Source material:
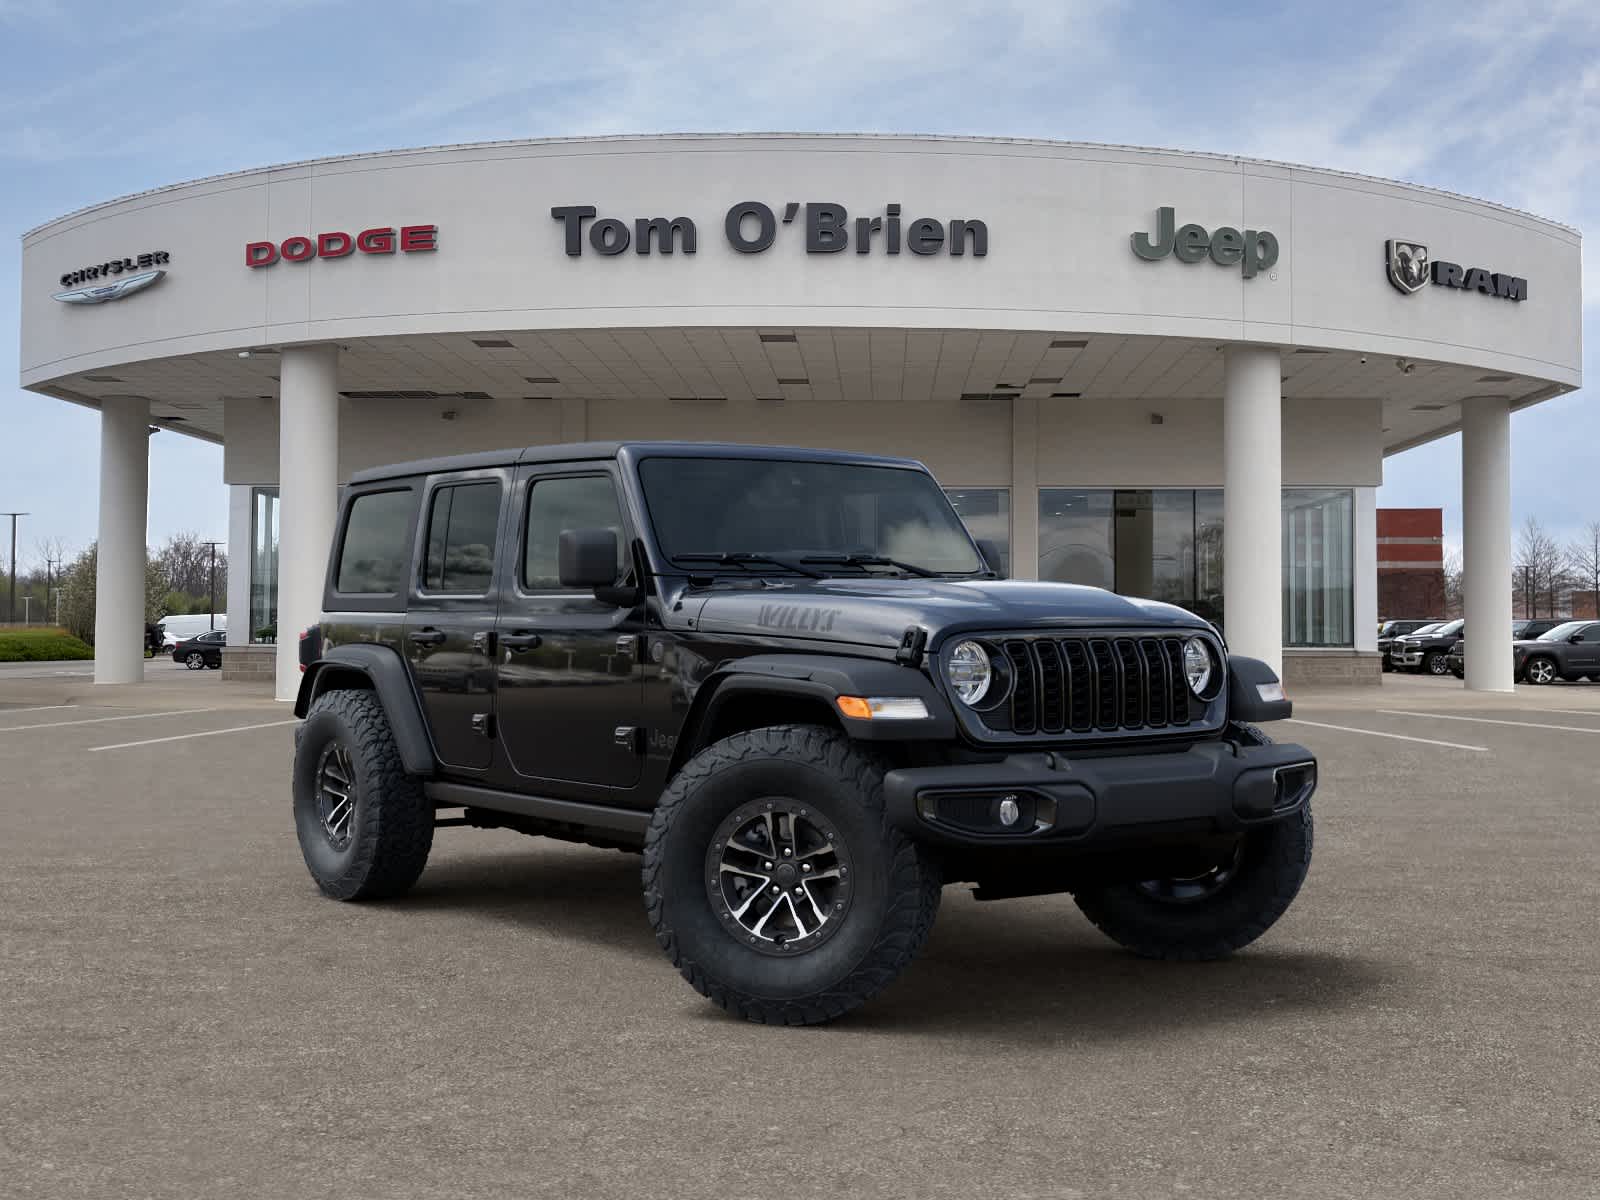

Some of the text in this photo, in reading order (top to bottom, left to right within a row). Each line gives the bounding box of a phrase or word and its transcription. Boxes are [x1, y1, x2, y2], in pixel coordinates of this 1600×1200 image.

[245, 224, 439, 269] DODGE
[551, 201, 989, 257] Tom O'Brien
[1130, 206, 1280, 279] Jeep
[60, 249, 170, 288] CHRYSLER
[1431, 260, 1528, 301] RAM
[757, 604, 843, 632] WILLYS
[648, 728, 679, 750] Jee
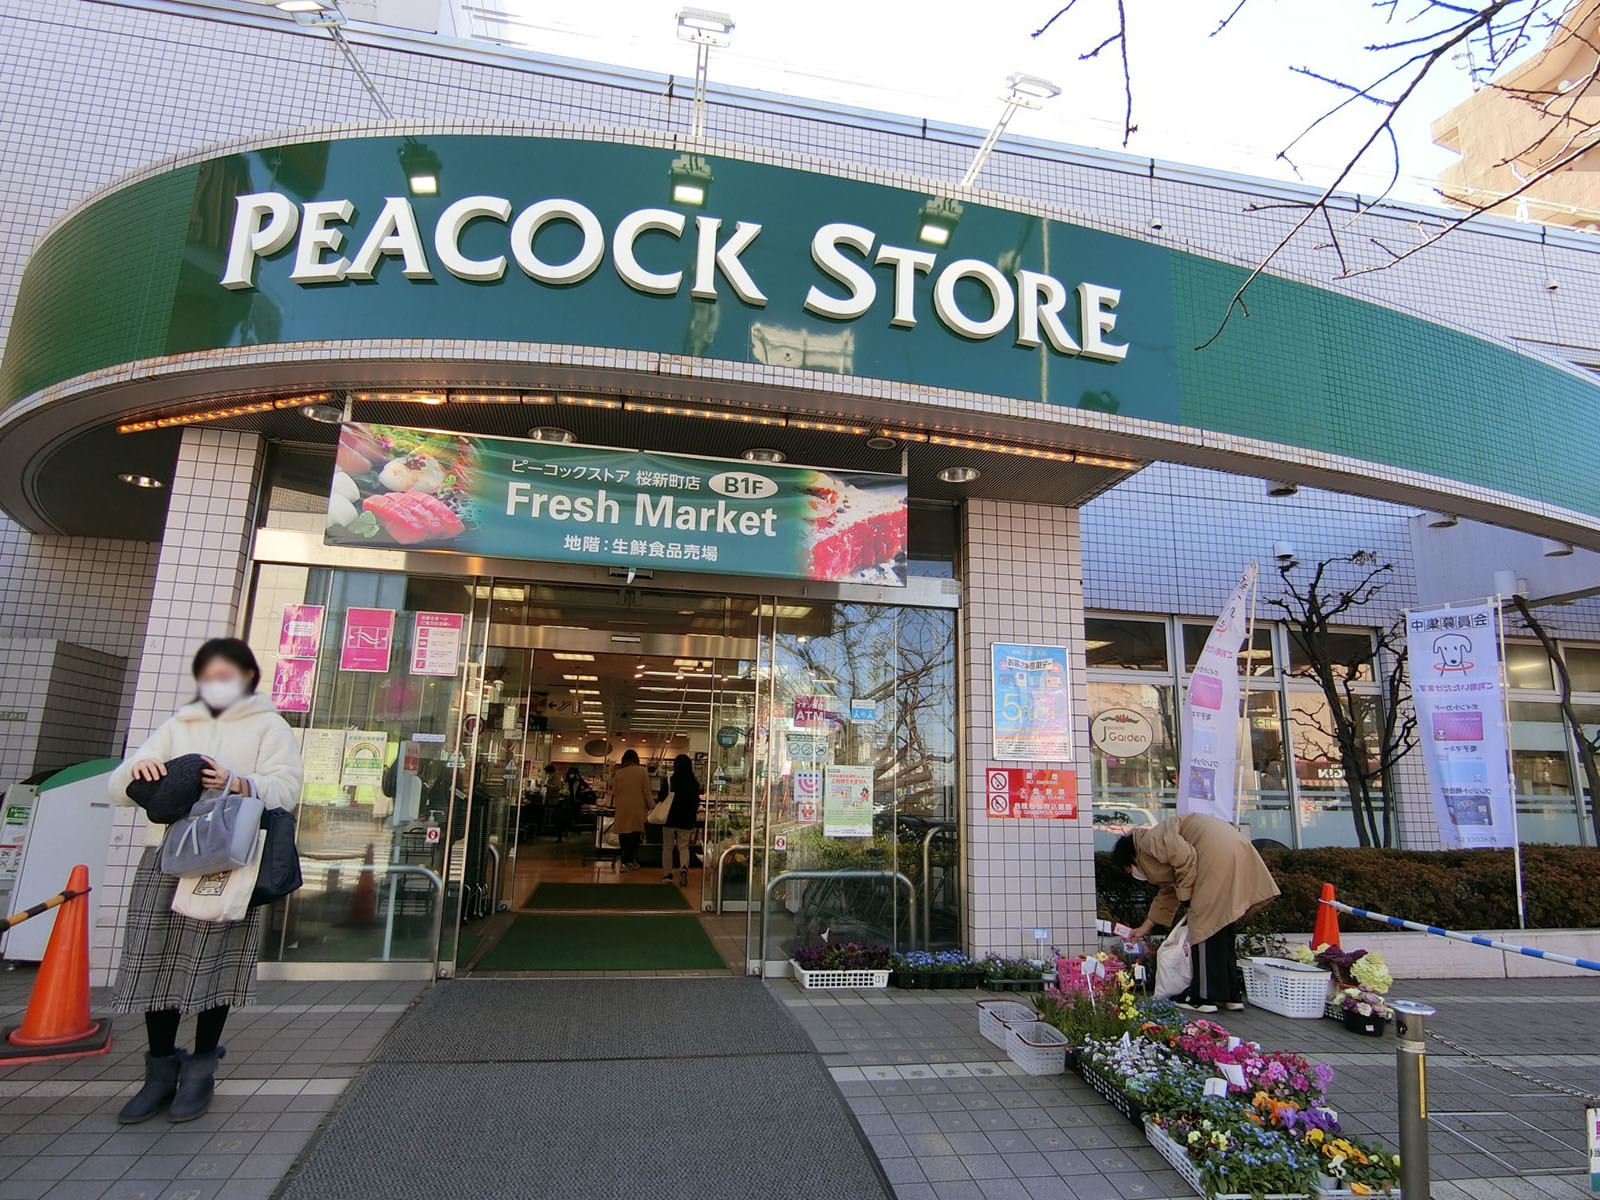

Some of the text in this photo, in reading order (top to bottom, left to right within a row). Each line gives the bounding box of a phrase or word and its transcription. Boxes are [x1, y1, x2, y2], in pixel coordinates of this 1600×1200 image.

[219, 191, 1130, 363] PEACOCK STORE
[511, 459, 764, 494] ピーコックストア 桜新町店 B1F
[506, 481, 777, 537] Fresh Market
[796, 711, 825, 722] ATM
[1109, 732, 1147, 743] Garden

Task requirements:
Restate the material above word for word, so that nothing changes except that the pictures are gone.

Reply to the exercise:
Some of the text in this photo, in reading order (top to bottom, left to right within a row). Each line gives the bounding box of a phrase or word and its transcription. Boxes are [x1, y1, x2, y2], in pixel coordinates of this 1600×1200 image.

[245, 224, 439, 269] DODGE
[551, 201, 989, 257] Tom O'Brien
[1130, 206, 1280, 279] Jeep
[60, 249, 170, 288] CHRYSLER
[1431, 260, 1528, 301] RAM
[757, 604, 843, 632] WILLYS
[648, 728, 679, 750] Jee

Some of the text in this photo, in reading order (top to bottom, left to right within a row). Each line gives the bounding box of a phrase or word and its transcription. Boxes are [x1, y1, x2, y2], in pixel coordinates of this 1600×1200 image.

[219, 191, 1130, 363] PEACOCK STORE
[511, 459, 764, 494] ピーコックストア 桜新町店 B1F
[506, 481, 777, 537] Fresh Market
[796, 711, 825, 722] ATM
[1109, 732, 1147, 743] Garden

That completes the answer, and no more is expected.